The organizer of this walkout was senior Sara “Sally” Johnstun. She made sure that this walkout was for something and not an excuse to get out of school. Johnstun had many opinions and thoughts which she voice at the walkout along with others who participated.
“A big misconception about the students who are speaking out is that we want to take guns away. We don’t want to ban all guns. We want there to be tougher background checks and extensive t
raining like there is when it comes to driving a car,” says Sally Johnstun. “I also think it’s ironic when my generation gets made fun of for our use of technology and how we’re zombies who can’t think for ourselves and we’re lazy and everything, but then when we voice our opinions and actually do something about the issues that are being challenged right now in America, all of a sudden our opinions are disregarded because we don’t have enough experience, and 18 year olds don’t have enough experience. I’m sorry, but if I’m allowed to buy a rifle at the age of 18, shouldn’t I be allowed to have an opinion and be able to voice that opinion peacefully?”

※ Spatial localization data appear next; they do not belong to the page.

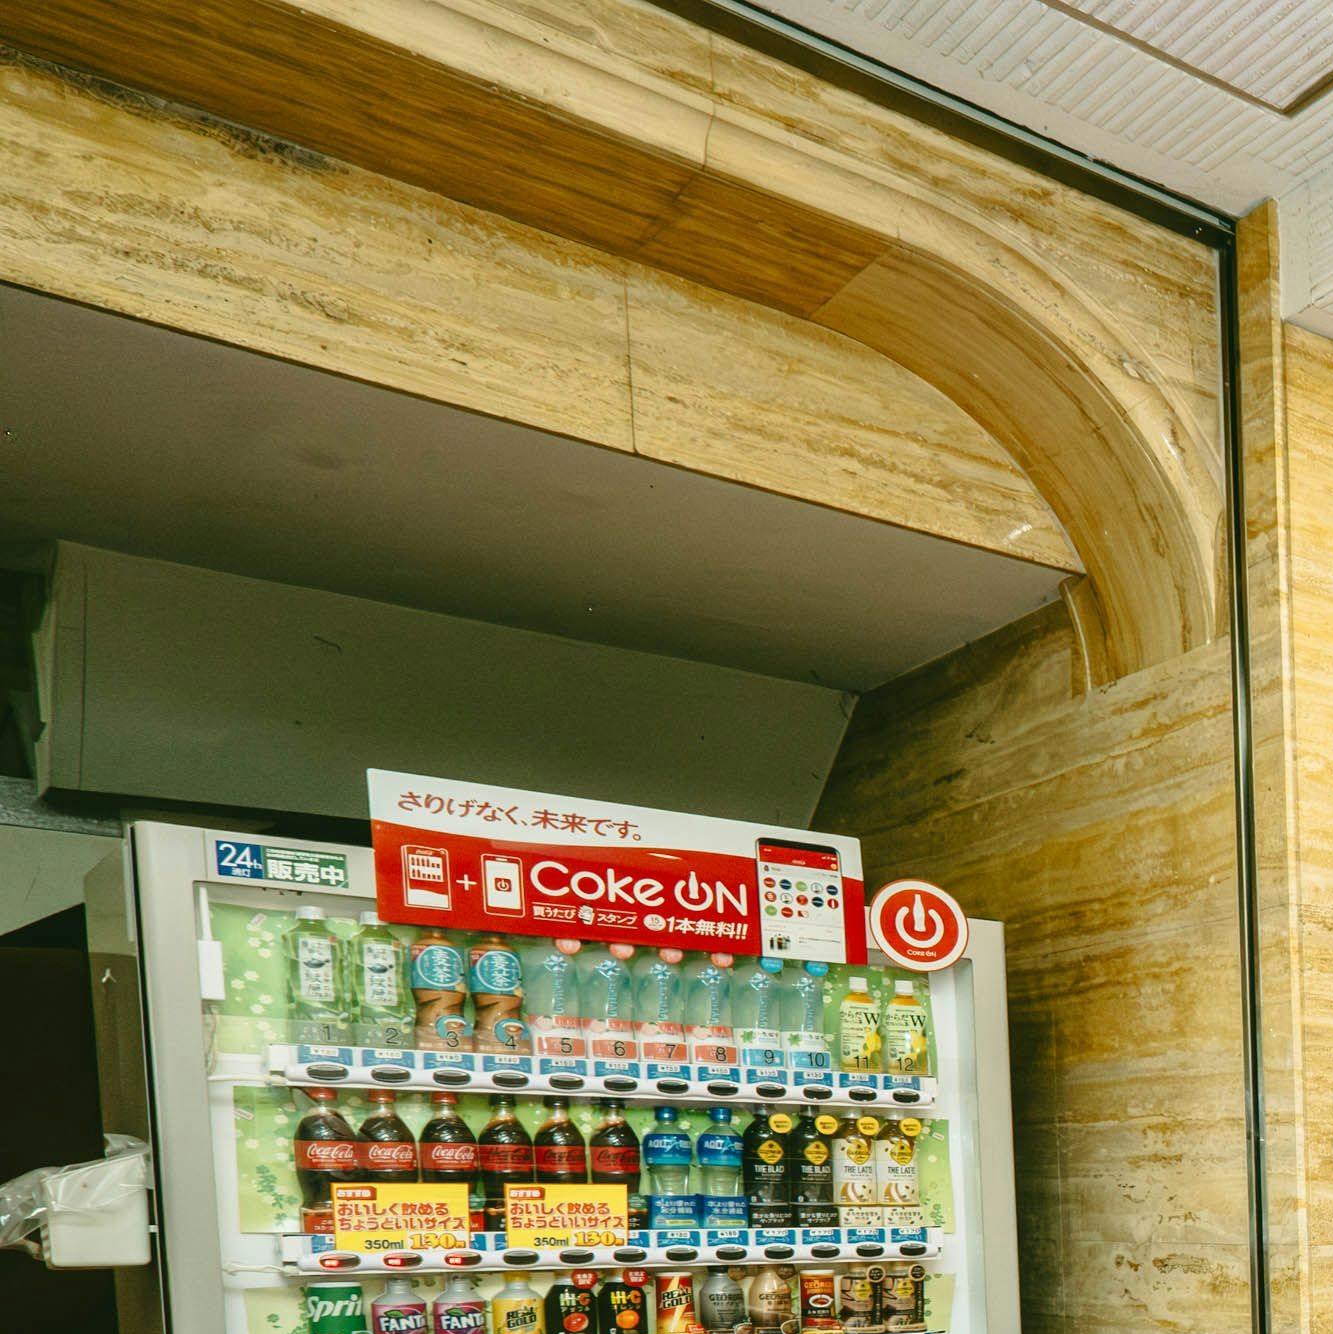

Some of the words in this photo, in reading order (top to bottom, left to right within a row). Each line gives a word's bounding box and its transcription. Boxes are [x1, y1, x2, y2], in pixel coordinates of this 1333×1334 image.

[398, 791, 642, 842] さりげなく、未来です。
[266, 859, 345, 885] 販売中
[530, 860, 665, 907] Coke
[597, 913, 637, 925] スタンプ
[320, 1025, 331, 1041] 1
[385, 1027, 400, 1044] 2
[446, 1031, 460, 1048] 3
[504, 1034, 517, 1049] 4
[561, 1038, 573, 1053] 5
[614, 1041, 626, 1057] 6
[665, 1044, 676, 1059] 7
[715, 1047, 727, 1062] 8
[764, 1049, 775, 1065] 9
[807, 1052, 825, 1067] 10
[855, 1055, 869, 1069] 11
[897, 1057, 914, 1072] 12
[337, 1203, 449, 1217] おいしく飲める
[510, 1203, 610, 1216] おいしく飲める
[364, 1239, 404, 1250] 350ml
[534, 1237, 569, 1247] 350ml
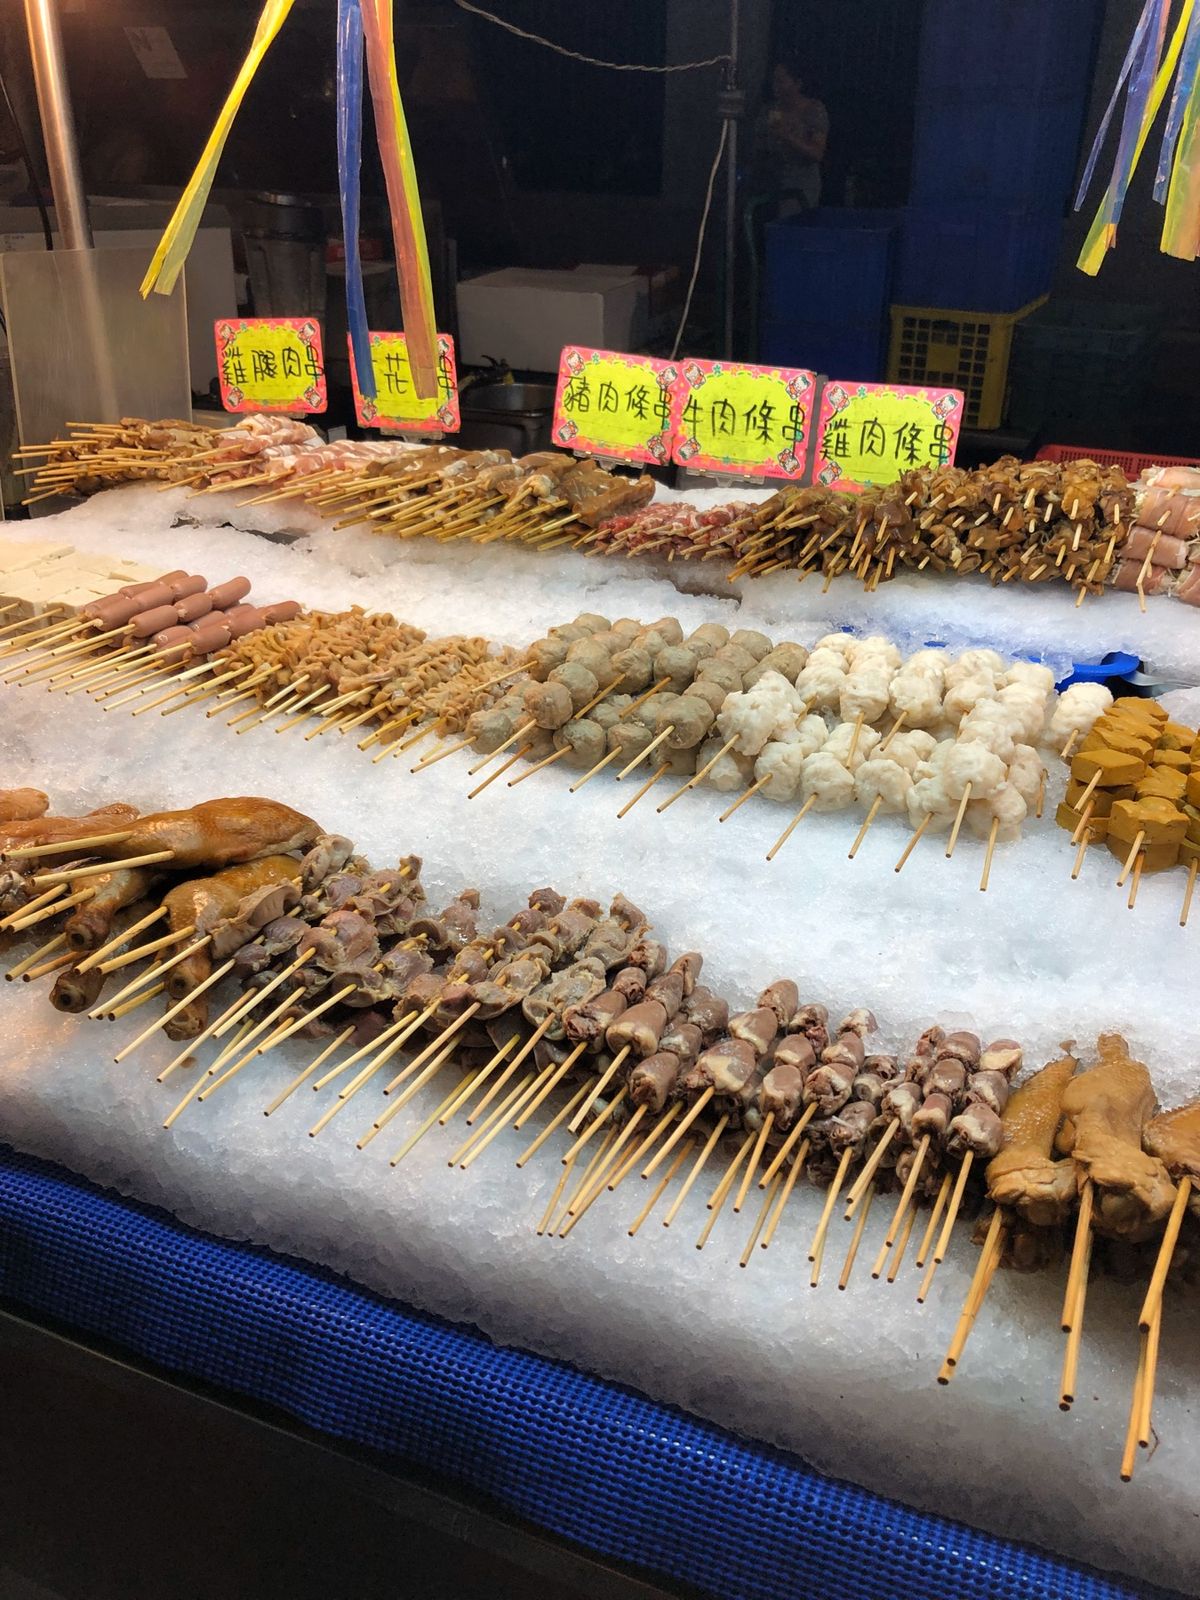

Other students were in agreement with Johnstun. During the time spent honoring past school shootings, students talked about what they are standing for. A peaceful discussion filled with educated opinions and facts were passed around among the group.
Sophomore Abbee Kelly was among those who walked out and spoke of her reasons for participating.
“As someone who chooses to walkout at 10:00 am, not only on April 20 but also on March 14, this means a lot to me,” says Kelly. “I choose to walkout of school not to only protest acts of gun violence but to honor all the lives lost due to school shootings. The protest against gun violence has become a big thing among Gen Z. I am very glad our school district is allowing the kids to protest, as it is their right to do so.”
While out there sophomore Zina Johnstun read off a poem she had written to inspire others.
“I made the poem in English class,” says ZIna Johnstun.” I took in the happenings of what is going on in today’s world. The gun laws need to be stricter and the number if people who have died will just keep on rising. This poem was meant to inspire people to see just how much of an impact this is making on so many people.”
Students all across the country walked out in protest on April 20th. They honored those lost and stood up against gun violence. They can no longer be quiet, they are the ones that will shake everything up, because they are America’s next voters, next politicians, and next generation.